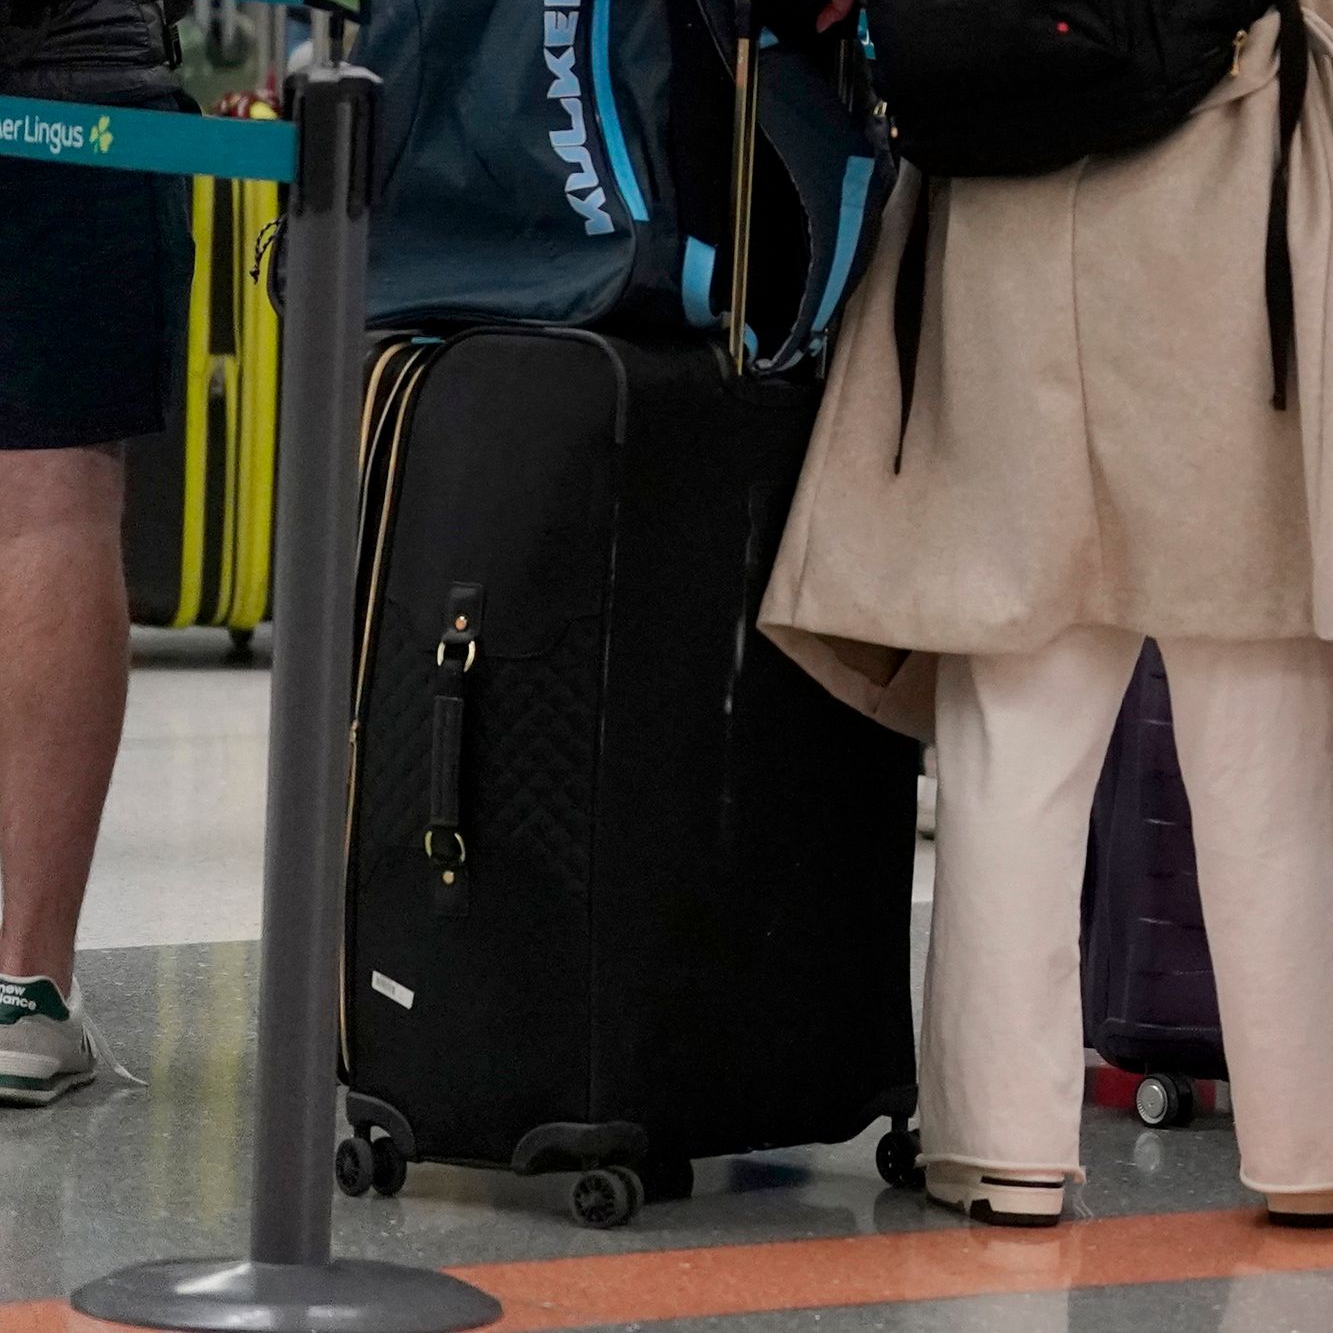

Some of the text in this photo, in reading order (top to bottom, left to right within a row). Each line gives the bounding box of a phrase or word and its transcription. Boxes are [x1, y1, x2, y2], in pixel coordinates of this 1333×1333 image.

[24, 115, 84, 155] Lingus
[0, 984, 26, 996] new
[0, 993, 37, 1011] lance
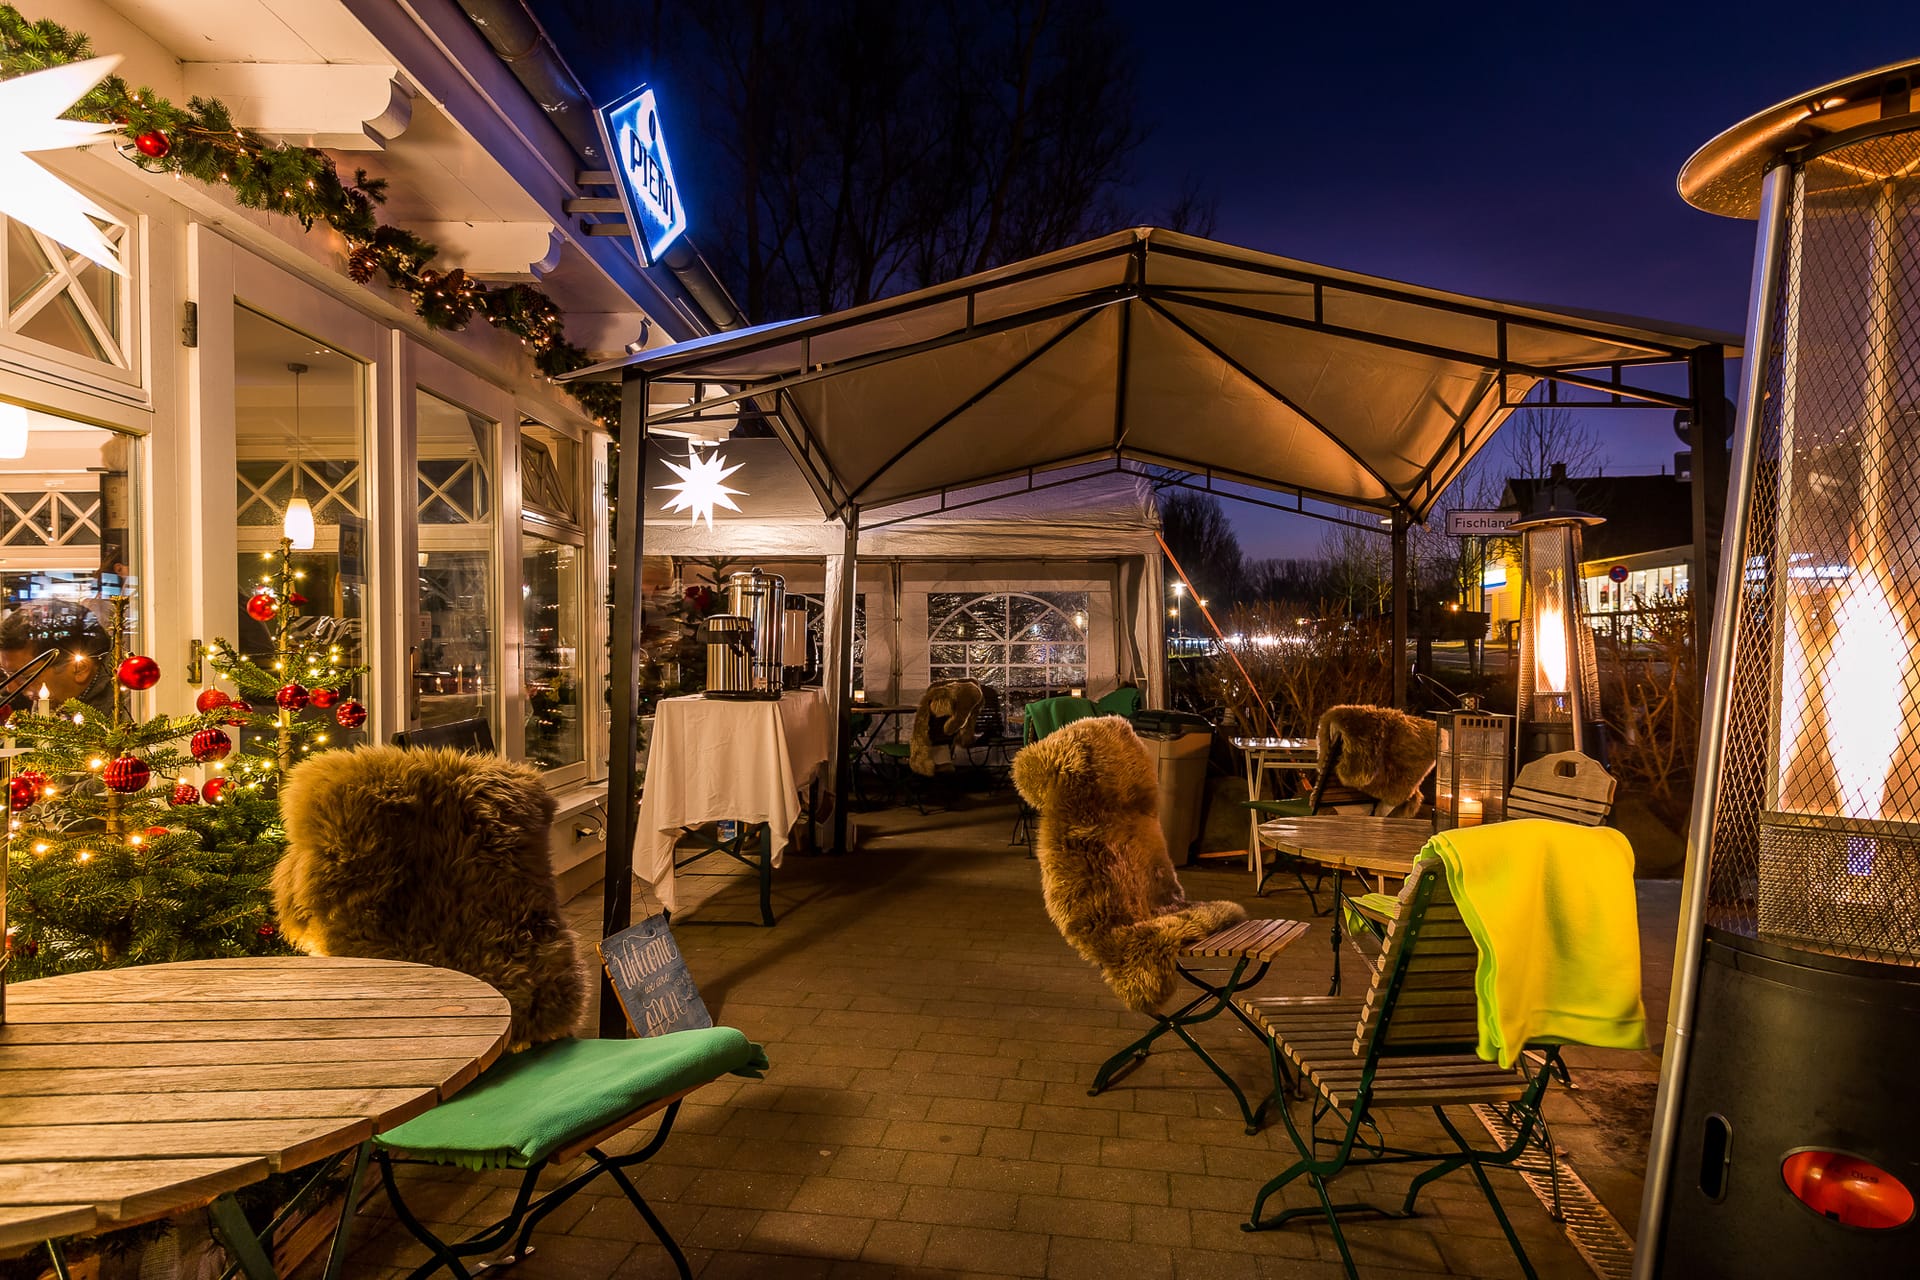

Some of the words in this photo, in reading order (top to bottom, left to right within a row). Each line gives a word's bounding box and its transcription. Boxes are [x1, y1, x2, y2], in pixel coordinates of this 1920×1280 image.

- PROBLEM TO SOLVE: In the copy, include no pictures; everything else in the material should be written out exactly.

- WRITTEN REPLY:
Some of the text in this photo, in reading order (top to bottom, left to right within a row). Each line gives the bounding box of a phrase or word and its transcription. Boxes are [x1, y1, x2, y2], in pixel coordinates of this 1333×1333 image.

[24, 115, 84, 155] Lingus
[0, 984, 26, 996] new
[0, 993, 37, 1011] lance

Some of the words in this photo, in reading order (top to bottom, left to right within a row). Each line gives a word's bounding box and its transcription. Boxes are [x1, y1, x2, y2], in pixel coordinates of this 1920×1280 image.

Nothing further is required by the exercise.